Toronto Sexual Assault Lawyers

Defending Sexual Assault Charges

The Criminal Code defines a sexual assault as unwanted touching of a sexual nature. Obvious examples include things like a kiss or intimate touching. Sexual assault charges can be laid even where the person has no sexual intention behind the touching.

Sexual assault is a serious offence. It carries a maximum punishment of 10 to 14 years in jail. In addition, all convictions for sexual assault will result in forced placement on the federal and provincial sex offender registries. The vast majority of convictions for sexual assault will also result in a DNA order being made against the accused.

Sexual assault cases have become among the most complicated charges to defend in court. Recent amendments to the Criminal Code have made it more difficult to obtain records and other evidence that might be essential to the defence, and to ask questions in cross-examination that intrude on the complainant’s privacy. These changes make it more important than ever to have an experienced lawyer who knows how to navigate the rules to protect your interests and advance a strong defence.

Sexual offences against children

Someone who is accused of committing a sexual offence against a child may be charged with sexual assault. The Criminal Code increases both the minimum and maximum penalties for sexual assault where the victim is under the age of 16.

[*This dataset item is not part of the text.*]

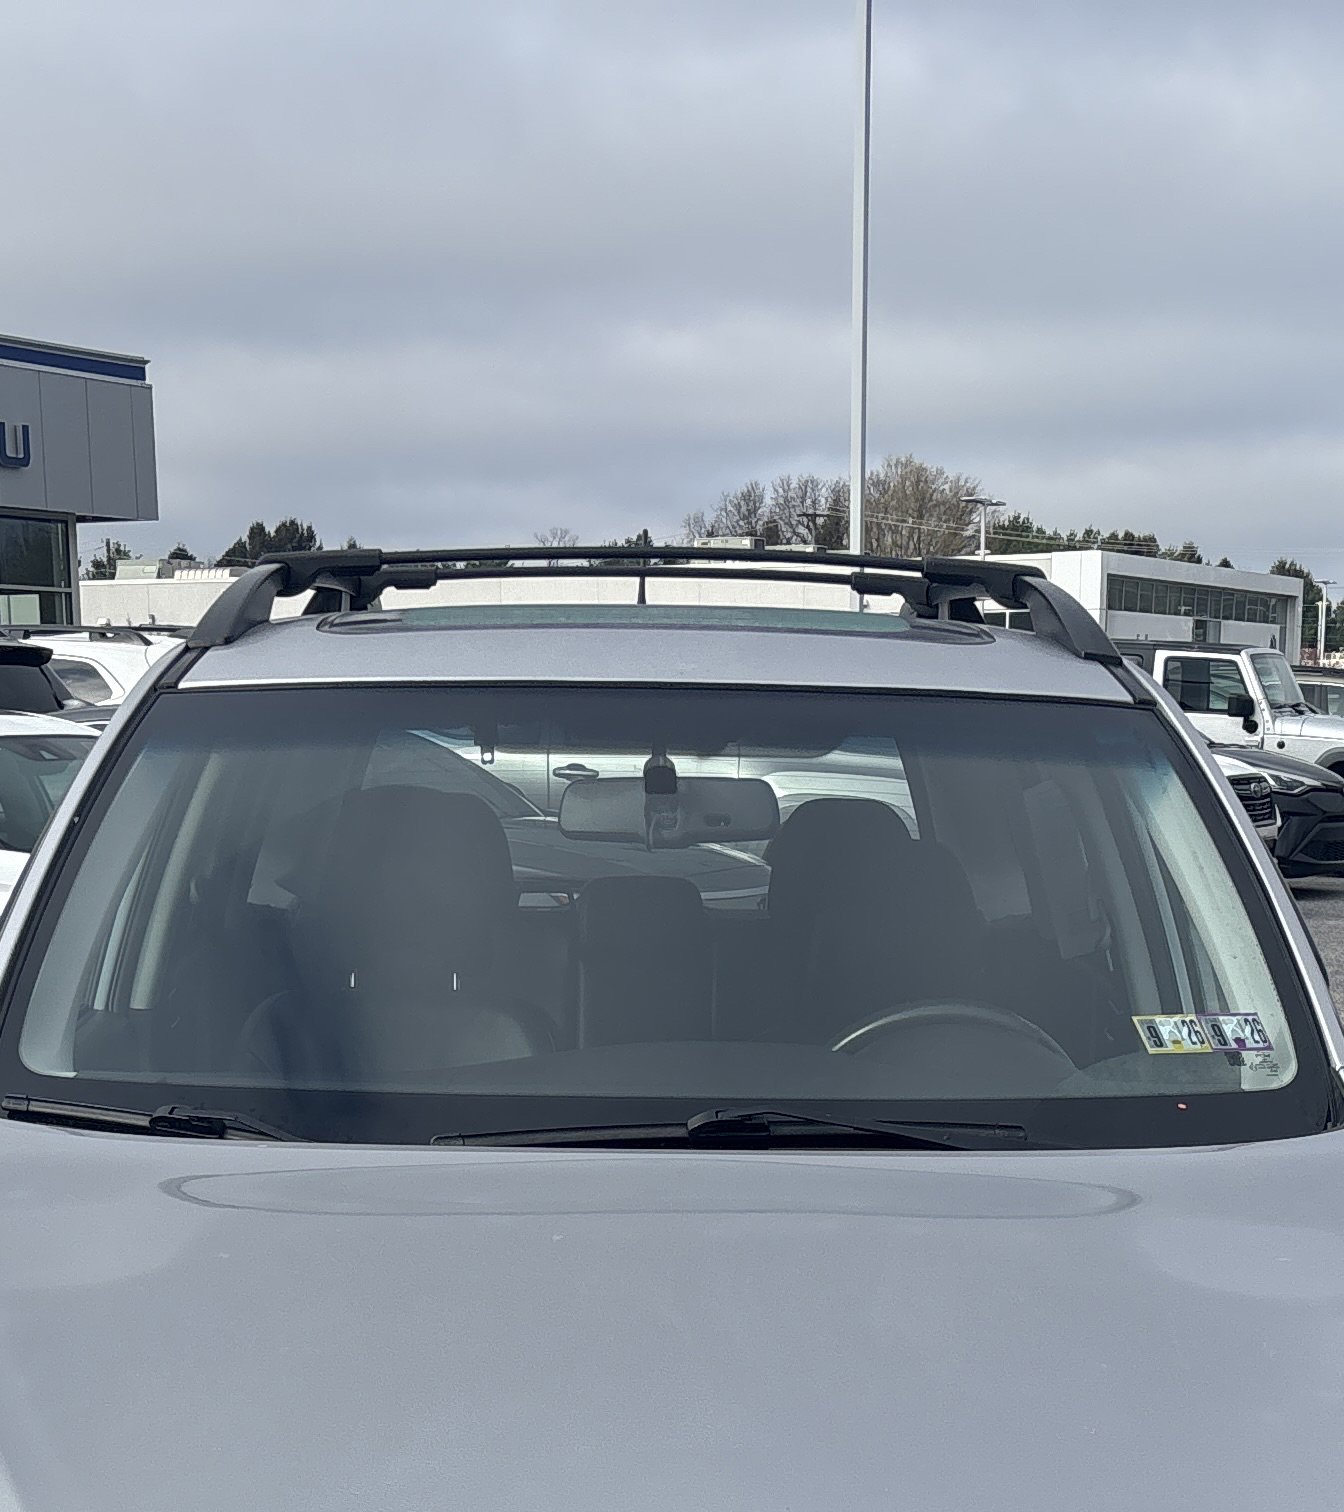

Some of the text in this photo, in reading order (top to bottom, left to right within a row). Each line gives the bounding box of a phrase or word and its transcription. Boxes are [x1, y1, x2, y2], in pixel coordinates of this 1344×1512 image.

[1146, 1019, 1205, 1048] 9 26
[1210, 1017, 1268, 1047] 9 26

In addition to sexual assault, however, the Criminal Code creates several specific sexual offences that apply when the alleged victim is a child:

Sexual Interference

Section 151 of the Criminal Code makes it an offence to touch someone under the age of 16 “for a sexual purpose”. This offence is arguably more serious than sexual assault, as it requires actual proof of a sexual intention on the part of the accused.

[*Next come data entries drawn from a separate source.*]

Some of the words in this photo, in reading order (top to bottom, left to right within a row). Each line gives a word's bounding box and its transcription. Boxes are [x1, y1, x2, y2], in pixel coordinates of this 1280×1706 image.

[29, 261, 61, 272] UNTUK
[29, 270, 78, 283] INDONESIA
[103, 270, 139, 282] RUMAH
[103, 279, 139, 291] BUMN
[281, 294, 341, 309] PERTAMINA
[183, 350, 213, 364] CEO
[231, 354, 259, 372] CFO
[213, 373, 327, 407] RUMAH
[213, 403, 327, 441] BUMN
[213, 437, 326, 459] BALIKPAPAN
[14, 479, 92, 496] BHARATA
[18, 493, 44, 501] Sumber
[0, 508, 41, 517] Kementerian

Invitation to Sexual Touching

Section 152 of the Criminal Code makes it a crime to invite, counsel or incite a person under the age of 16 to touch them for a sexual purpose. This crime isn’t concerned with whether the touching actually happened – it criminalizes any attempt to convince a child to engage in sexual activity.

Sexual Exploitation

Section 153 of the Criminal Code makes it an offence for any person who is in a position of trust or authority with a person who is between 16 and 18 years old to have sexual contact with that young person or to invite them to have sexual contact with them.

Defending sexual assault charges

(and what to do if you have been charged with sexual assault)

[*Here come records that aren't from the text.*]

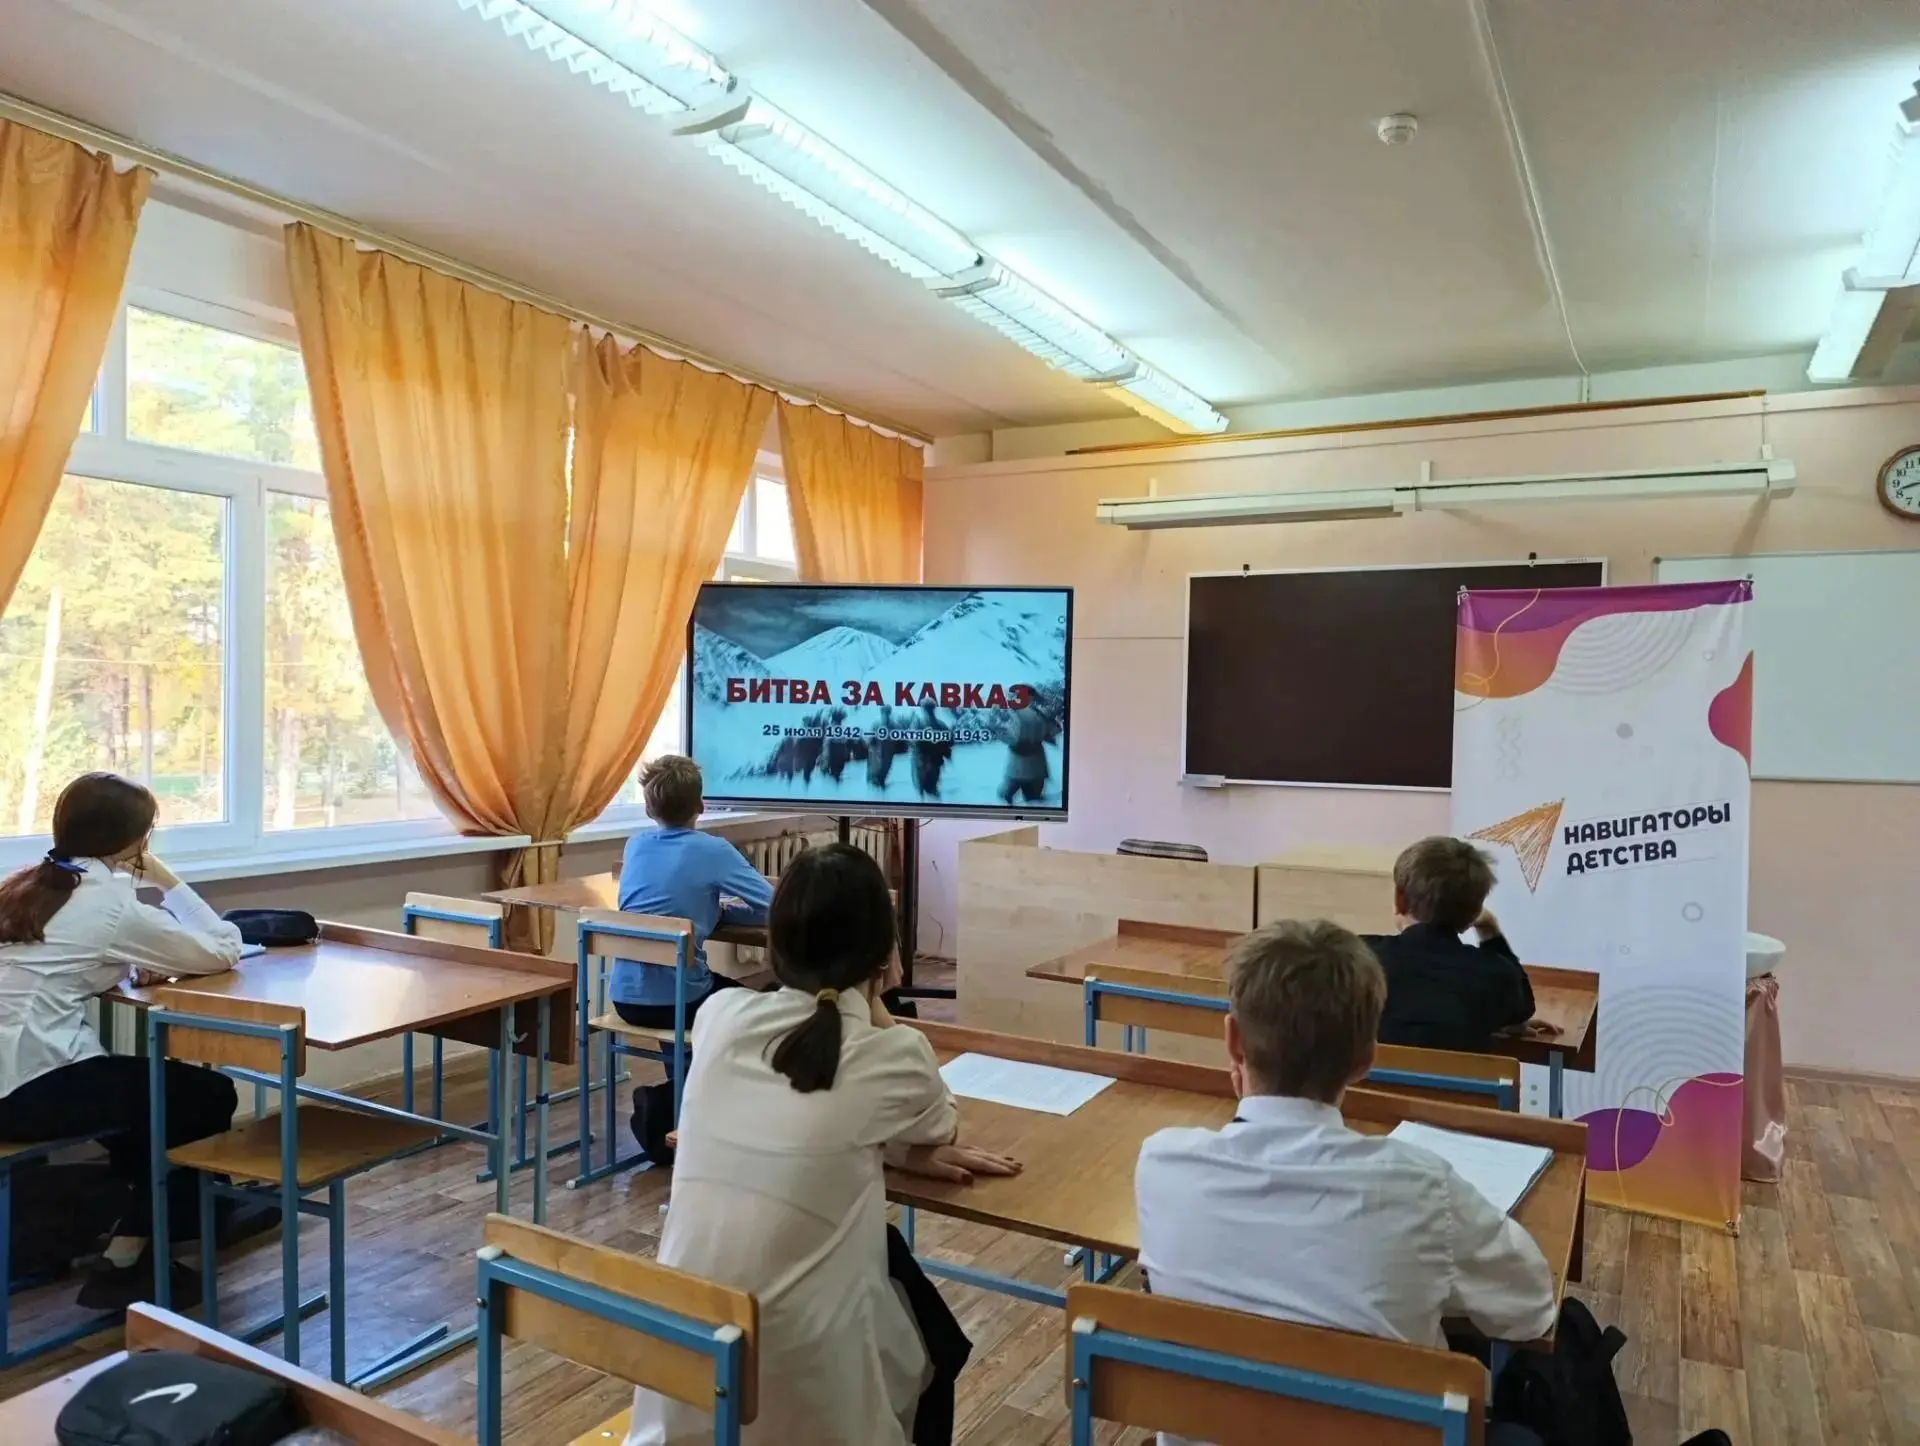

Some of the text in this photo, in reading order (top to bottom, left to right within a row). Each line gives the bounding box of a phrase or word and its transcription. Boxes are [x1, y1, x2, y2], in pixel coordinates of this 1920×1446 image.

[727, 678, 1030, 710] БИТВА ЗА КАВКАЗ
[762, 724, 780, 736] 25
[784, 727, 821, 737] июля
[826, 726, 860, 738] 1942
[878, 728, 888, 739] 9
[890, 728, 950, 743] октября
[954, 730, 990, 741] 1943
[1564, 802, 1731, 845] НАВИГАТОРЫ
[1566, 839, 1677, 875] ДЕТСТВА

Sexual offence charges are often “credibility cases” – meaning that whether someone is convicted of assault usually depends on whether the evidence of the accuser is believed. This is why it is so important to have a good criminal lawyer with a lot of experience in these types of cases. Cross-examining a witness to poke holes in their story or to reveal contradictions, lies, and a motive to fabricate allegations takes skill and effort – and a cross-examination that isn’t well prepared will go nowhere and achieve nothing.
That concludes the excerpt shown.